Lancets are reportedly reaching out to 100km+ nowadays. Meanwhile Zumwalt lost the 57mm Mk 110s in development and ended up with the considerably less capable 30mm Mk 46 Mod 2 instead, while DBR (aka SPY-3 + SPY-4) ended up with SPY-3 only and that having to fill in for SPY-4's search role.
Lancet isn't all that small. It isn't especially difficult to engage, especially over open sea.

The Mk.110s were indeed lost, as was DBR, and even AGS(and, as such, the whole mission); however, we were discussing the original concept.
Could vanilla Zumwalt, properly maintained ASUW LCS and Constellation class sealed Hormuz off from Iran? My answer is very likely yes.

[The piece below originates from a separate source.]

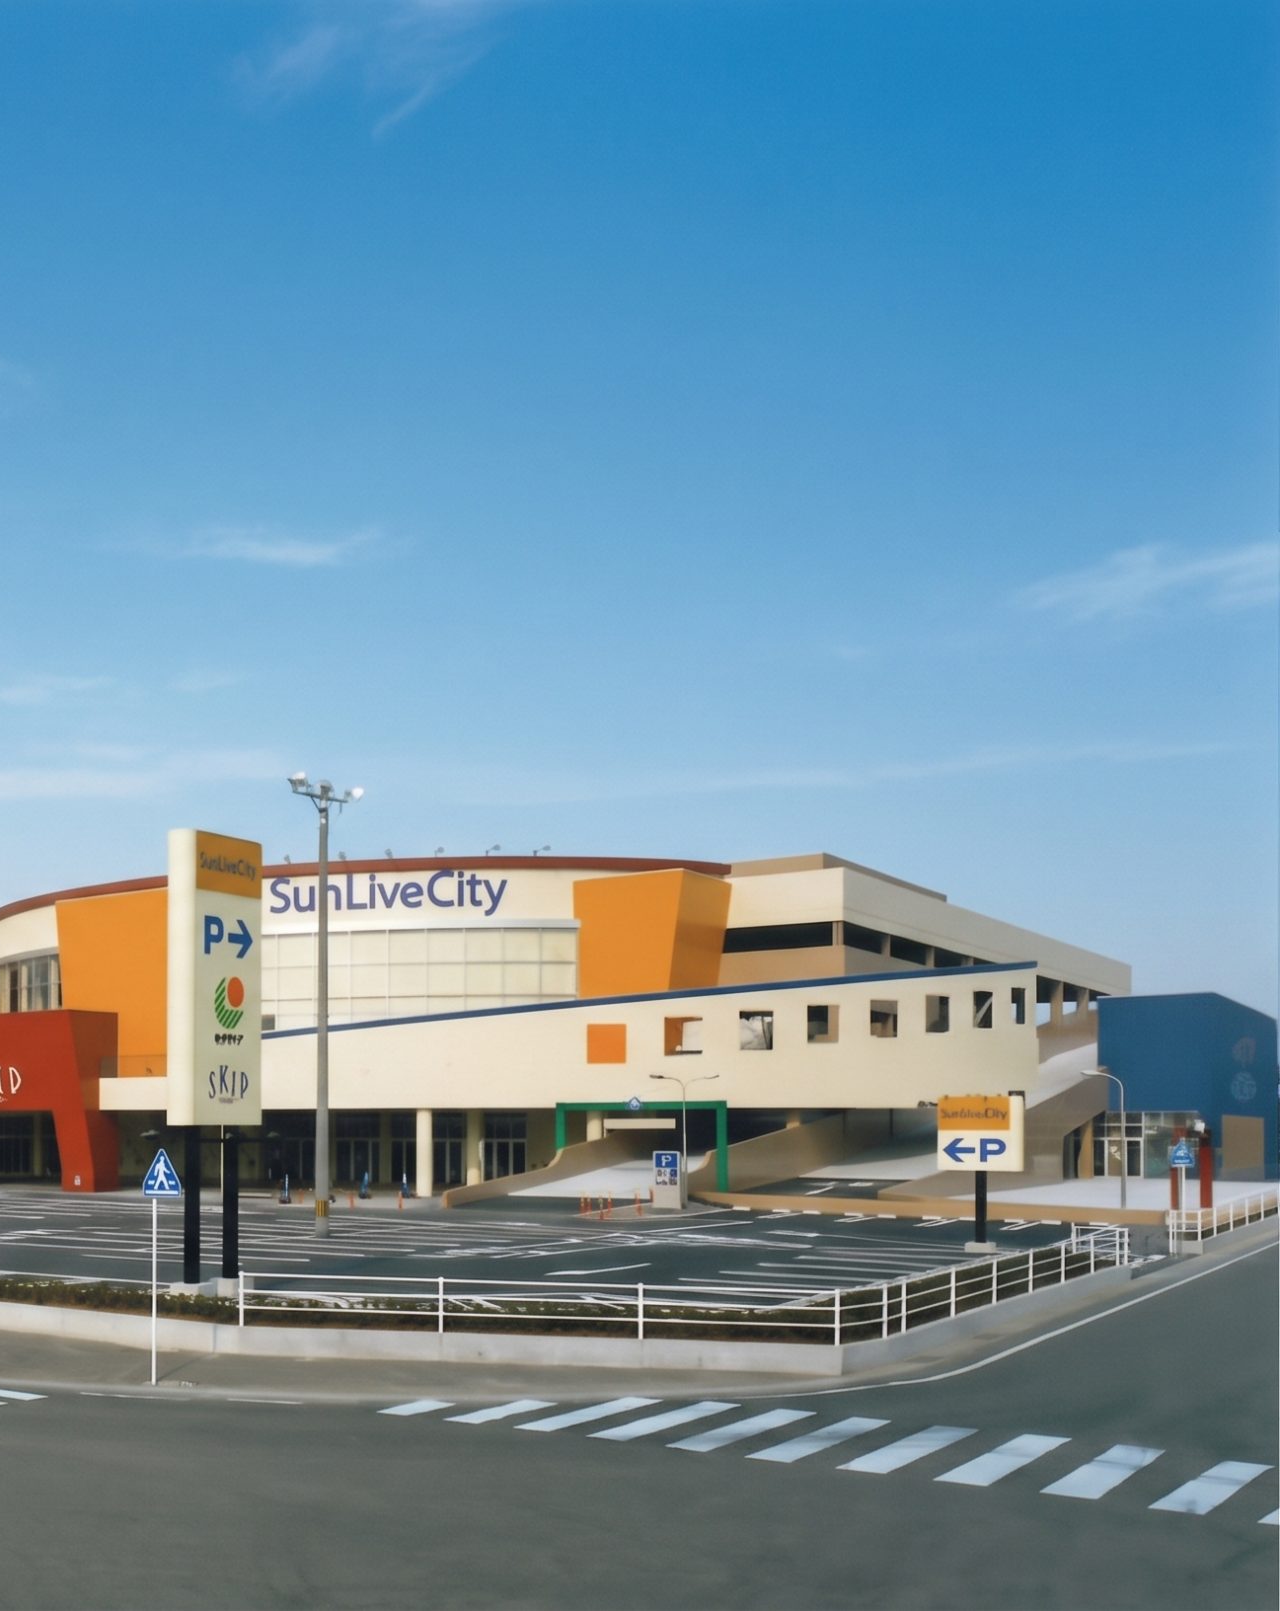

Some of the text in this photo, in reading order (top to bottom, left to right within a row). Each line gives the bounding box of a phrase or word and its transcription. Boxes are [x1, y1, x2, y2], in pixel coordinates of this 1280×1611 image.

Iranian flotilla warfighting system can place unaffordable risks only for a non-adapted blue water navy, and even that just barely.
As such, the current situation is a pure failure of procurement for a long-anticipated problem.

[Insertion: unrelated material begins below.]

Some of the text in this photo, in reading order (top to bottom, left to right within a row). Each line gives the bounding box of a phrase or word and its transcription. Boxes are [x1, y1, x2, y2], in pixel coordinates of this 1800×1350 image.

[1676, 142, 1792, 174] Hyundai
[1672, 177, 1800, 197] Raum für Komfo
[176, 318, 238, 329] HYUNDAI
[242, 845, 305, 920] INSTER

Have you somehow missed the Shaheds impacting all over the mid-East and Ukraine? Plus the common border with Russia? Not to mention the existing Iranian order for Lancets?

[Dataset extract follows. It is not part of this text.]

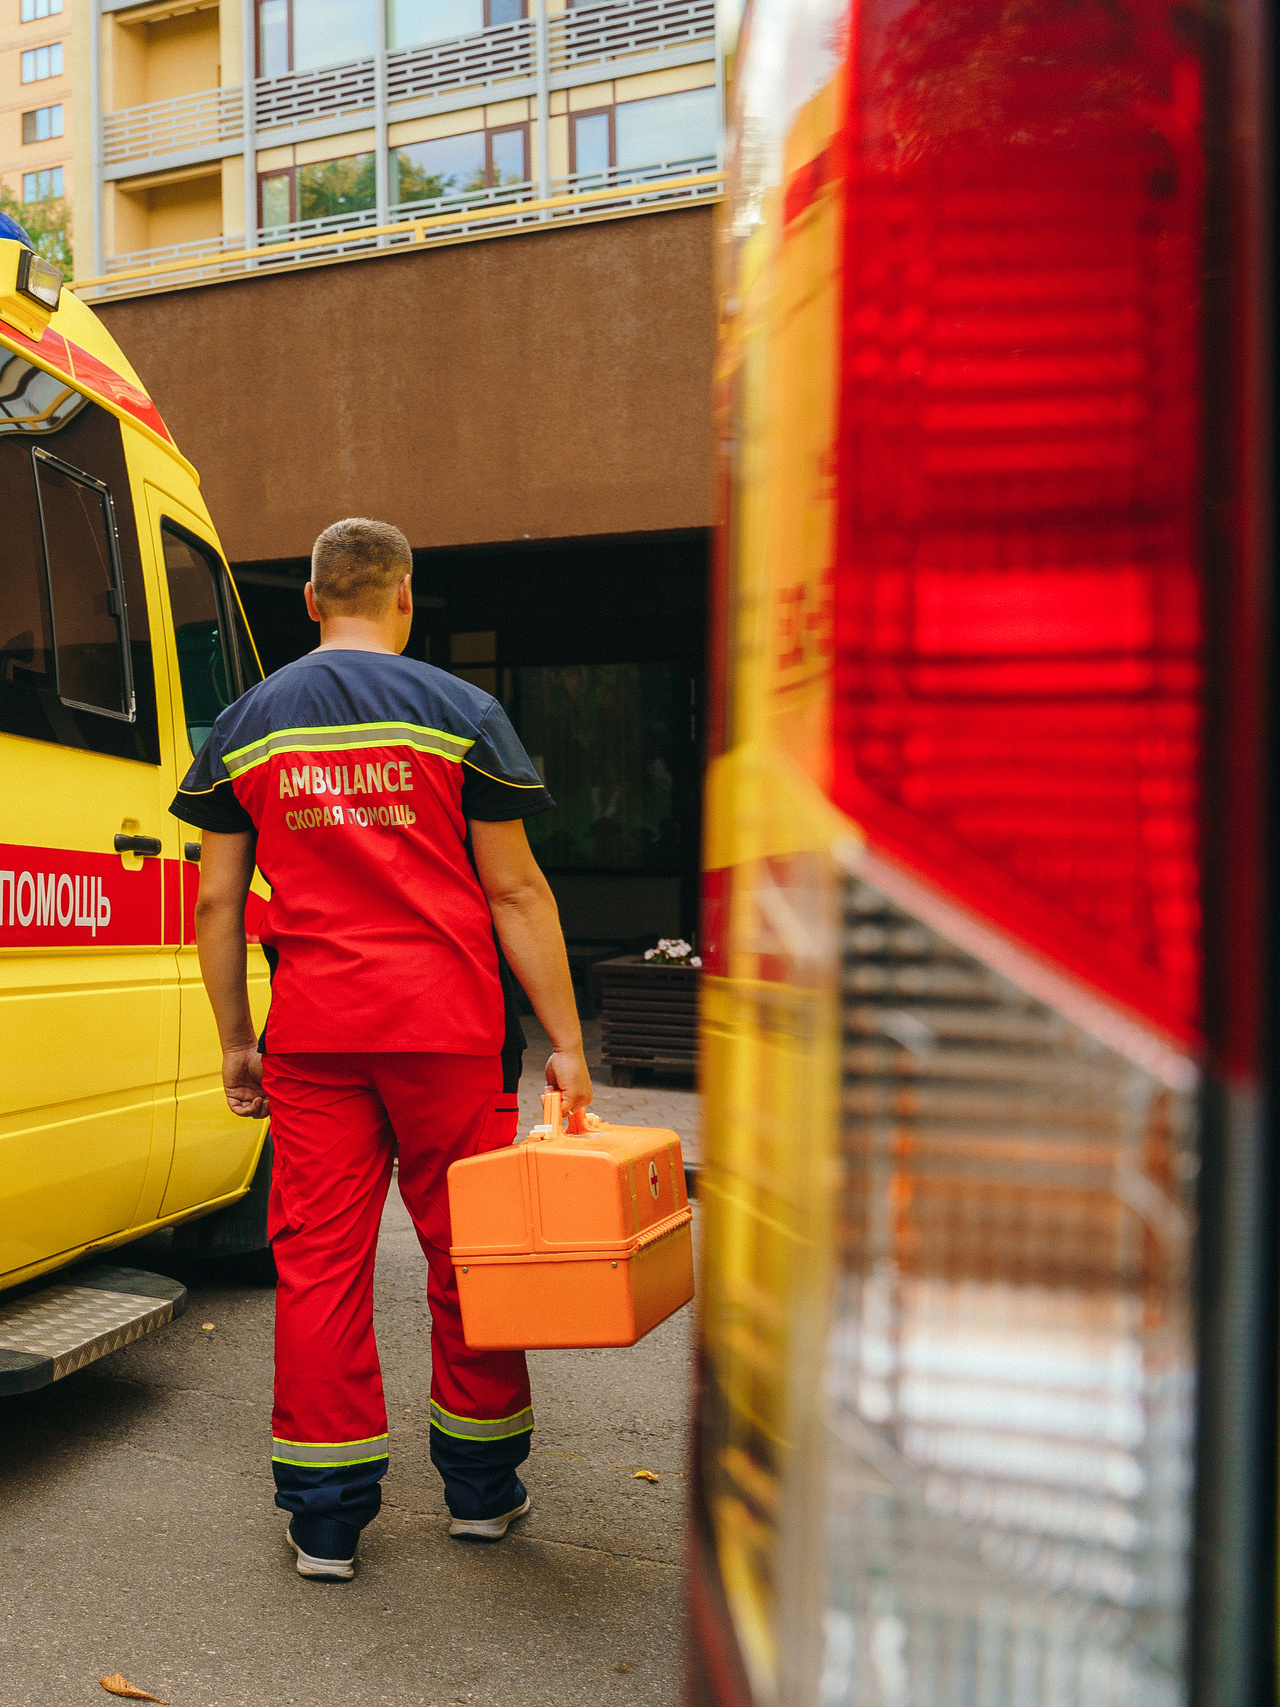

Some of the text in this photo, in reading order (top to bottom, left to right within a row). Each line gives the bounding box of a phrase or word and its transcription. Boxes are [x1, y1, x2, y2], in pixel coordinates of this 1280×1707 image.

[279, 761, 414, 799] AMBULANCE
[285, 804, 417, 831] СКОРАЯ ПОМОЩЬ

They aren't small. Small drones are those that meaningfully pass under modern CIWS, over sea(which is harder).
Shahed/Harpy is in a small MALE weight/size class, really.
I'm not sure how wide the navigable channel in the strait is, but it's definitely under 21-22nm (Larak to the islands on the Omani side, or the Tunbs to Abu Musa - both Iranian, incidentally). And as noted, the Zumwalt CONOPS assumed it and the ARG would be that close inshore, if not closer, wherever in the world they were.
Yes. My idea is that you can expect normal enough AA engagement if your stand-off from land matches at least the 1980s engagement area for surface-hugging ASCM.

Which was often <5 miles-ish (and with good low observable properties, it isn't especially better nowadays) - and self-defense was still perfectly doable, proven on multiple occasions.
This was done against weapons more or less equal to modern Iranian ASCMs, but at defensive and sensor level far below modern standard.
 
No, that a Zumwalt sitting 25 miles offshore, or less, as the From the Sea CONOPS required, is absolutely in their engagement zone.

A Zumwalt 50 miles offshore is in any case still in their engagement zone if they're staged off a Sea Baby or similar. For that matter, 50 miles off shore is within range of the latest Lancets, And of course Ukraine has demonstrated Sea Baby strikes at considerably greater distance.
Is the sea baby also operated via fiber optics?
 
A containerized and automated version of Captas-4 to be mounted on a USV, could this be the solution for FF(X) ?
That doesn’t solve the noise issue. The NSC was so vibration prone that the early hulls needed to be retrofitted to stop the vibration from effecting their service life.